#### Provided information:
————————
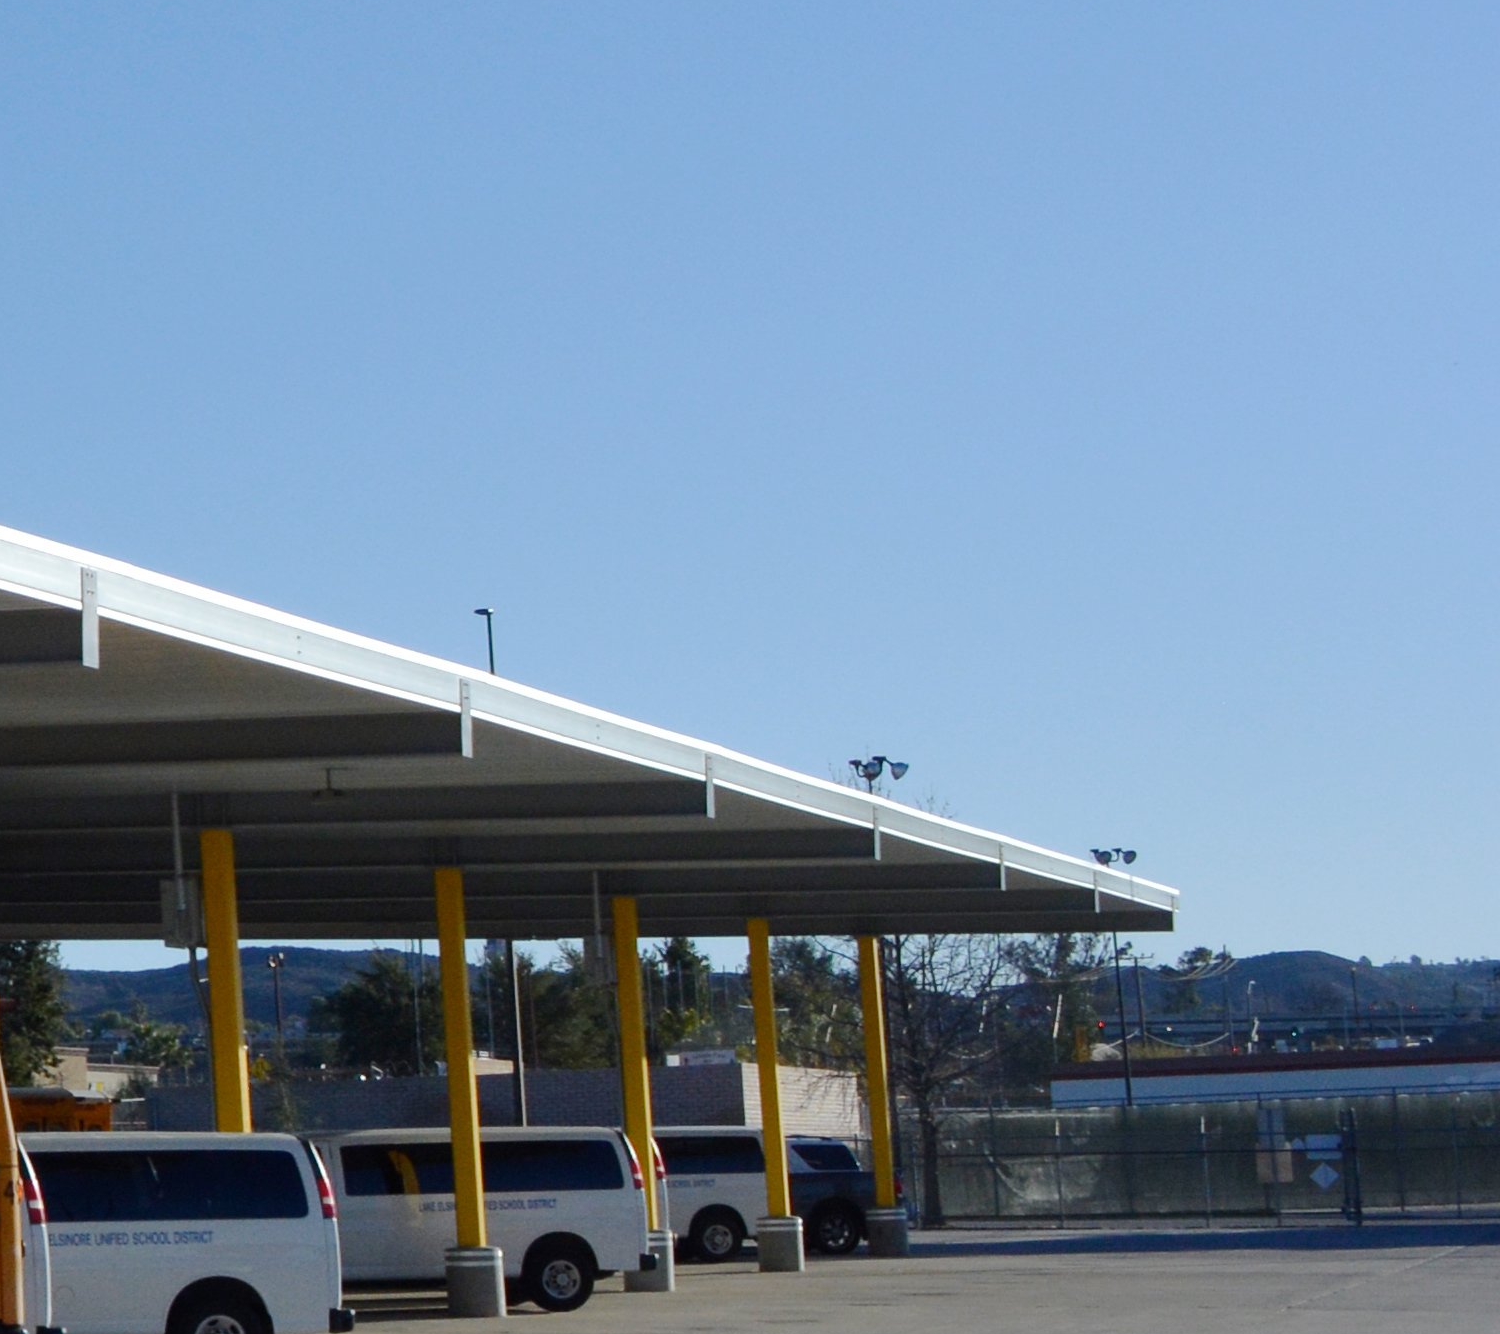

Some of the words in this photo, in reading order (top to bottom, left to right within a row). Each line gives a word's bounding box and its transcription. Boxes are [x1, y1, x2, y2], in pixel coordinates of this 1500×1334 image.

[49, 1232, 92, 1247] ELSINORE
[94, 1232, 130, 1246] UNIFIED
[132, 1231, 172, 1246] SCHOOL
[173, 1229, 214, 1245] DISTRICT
————————
#### Exercise requirements:
Set down the entire material verbatim, with each picture left out.

#### Response to the exercise:
Some of the words in this photo, in reading order (top to bottom, left to right within a row). Each line gives a word's bounding box and its transcription. Boxes are [x1, y1, x2, y2], in pixel coordinates of this 1500×1334 image.

[49, 1232, 92, 1247] ELSINORE
[94, 1232, 130, 1246] UNIFIED
[132, 1231, 172, 1246] SCHOOL
[173, 1229, 214, 1245] DISTRICT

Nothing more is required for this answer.